Ф.Г. Да не было иллюзий никаких. Было трудное для меня время, душа была расхлябана… А теперь «Метрополь» собираются переиздавать здесь… Восстанавливать… Пусть. Мне все равно. Вот главное для меня – роман. «Место». Вышел только что в советско-британском предприятии «Слово/Word». Вот – главное. А все остальное… У каждого писателя есть фундамент. Мой фундамент – «Место» и «Псалом». Две противоположные книги. Все-таки возьмите самого большого писателя – Толстого, Достоевского, – у них есть фундамент…

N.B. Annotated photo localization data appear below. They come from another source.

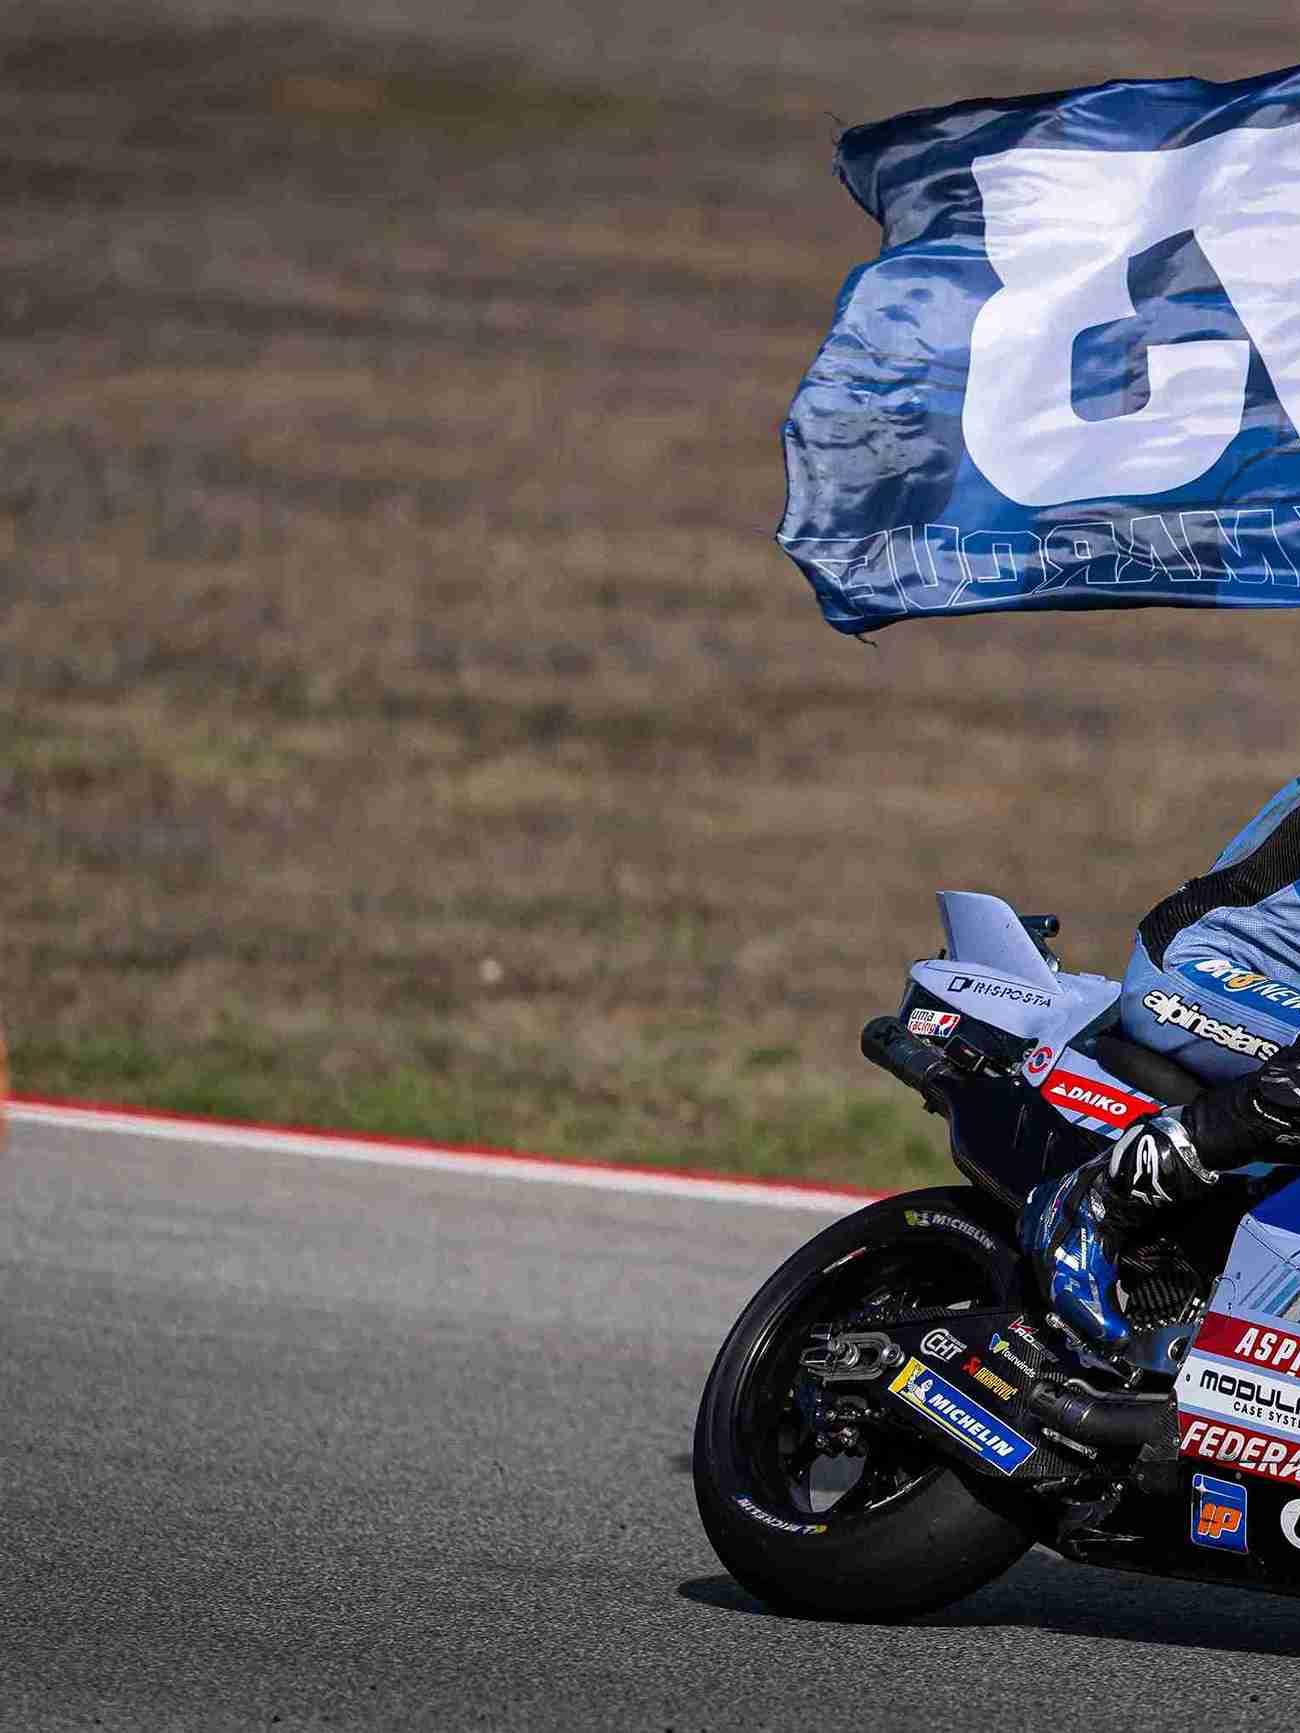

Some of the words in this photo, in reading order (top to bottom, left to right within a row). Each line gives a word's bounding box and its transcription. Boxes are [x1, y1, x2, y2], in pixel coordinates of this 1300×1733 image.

[973, 981, 1052, 1008] RISPOSTA
[1143, 989, 1281, 1061] alpinestars
[1067, 1085, 1128, 1116] DAIKO
[931, 1213, 998, 1251] MICHELIN
[928, 1389, 1016, 1458] MICHELIN
[1233, 1401, 1264, 1419] CASE

М.Х. В Германии вы – в вакууме? В языковом, уж во всяком случае… А другого вакуума вы никогда и не боялись.

Ф.Г. Я плохо говорю по-немецки. Это мне помогает, я много читаю по-русски. И потом, я приехал в таком матером возрасте, что со мной трудно что-либо было сотворить. Я – член Союза немецких писателей, между прочим. И член профсоюза немецкой прессы… А потом, учтите, это Германия. А Германия – не эмиграция. Германия – продолжение России. С Германией у меня взаимоотношения с малых лет. Они хотели меня убить маленьким – так это же не чужие люди… И мне интересно там жить. Я хотел бы жить во Франции, потому что это единственная страна, где у меня есть престиж. Теперь, надеюсь, он появится и в России, после «Места»…

М.Х. Что сейчас ваше издается в Германии?

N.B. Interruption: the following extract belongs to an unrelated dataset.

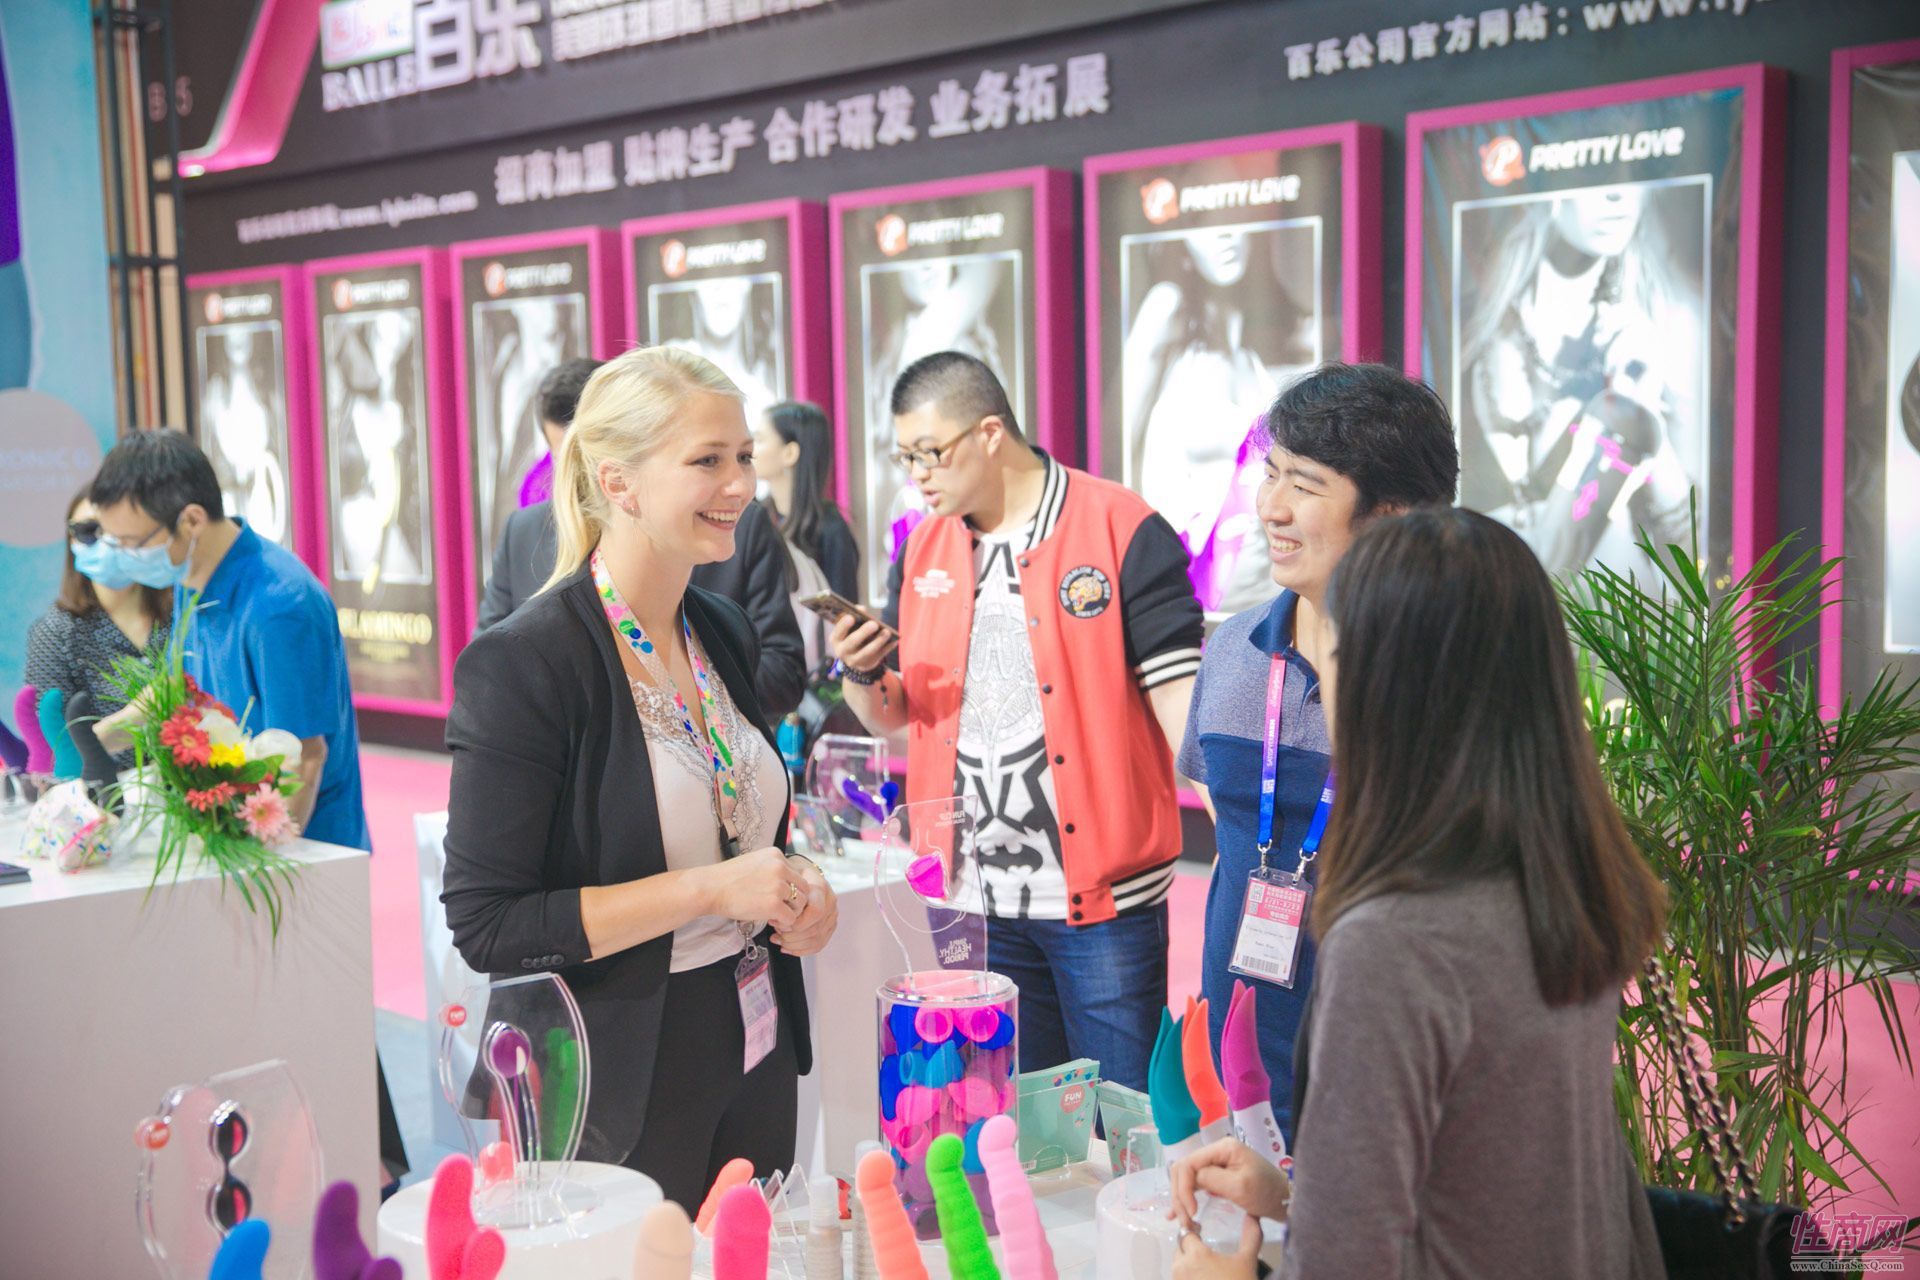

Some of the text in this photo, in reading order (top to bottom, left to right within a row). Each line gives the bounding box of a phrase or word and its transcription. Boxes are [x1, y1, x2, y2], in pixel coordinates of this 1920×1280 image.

Ф.Г. Интересная книга… Там под одной обложкой «Русский Нил» Розанова и мое «Последнее лето на Волге»… Да… А здесь еще ничего нет. Не опубликован «Псалом», не поставлены пьесы, нет моих главных рассказов… Ничего еще здесь нет…

М.Х. Сейчас, наверное, Германия, как никогда раньше, похожа на Россию.

Ф.Г. Не только сейчас. Она очень тесно связана с Россией. Если говорить о цивилизации, даже культуре. Но старой культуре… И характеры, и прочее… И потом, те проблемы, которые меня интересуют… Многое я узнал, живя в Германии. И о России в том числе. Почему я оказался в Германии? Просто мне там дали стипендию… Я надеюсь написать несколько книг о Германии. Если пробьюсь через русский материал. Кстати, я живу недалеко от места, где жил Набоков: он жил на Фазаненштрассе. Я живу совсем рядом… Набоков уделял большое внимание немецкой агрессии. Так же, как я теперь. Когда я говорю об этом, меня пытаются опровергнуть… Недавно на одном вечере после моего выступления выходит академик Волькенштейн и говорит: «Какая агрессия? Зачем? Немцы же хорошо живут». Он побывал там у двух или трех профессоров. Конечно, профессора хорошо живут. Основная масса немцев живет не так уж хорошо, это преувеличение. А во-вторых, разве «хорошо» или «плохо» – это гарантия от агрессии? И, кроме того, не хлебом единым. Ведь не на сытости держался немецкий империализм. Он держался на других вещах. О которых не место сейчас говорить… Многие немцы думают как я. Ну не многие, но целый ряд из тех, кого я знаю.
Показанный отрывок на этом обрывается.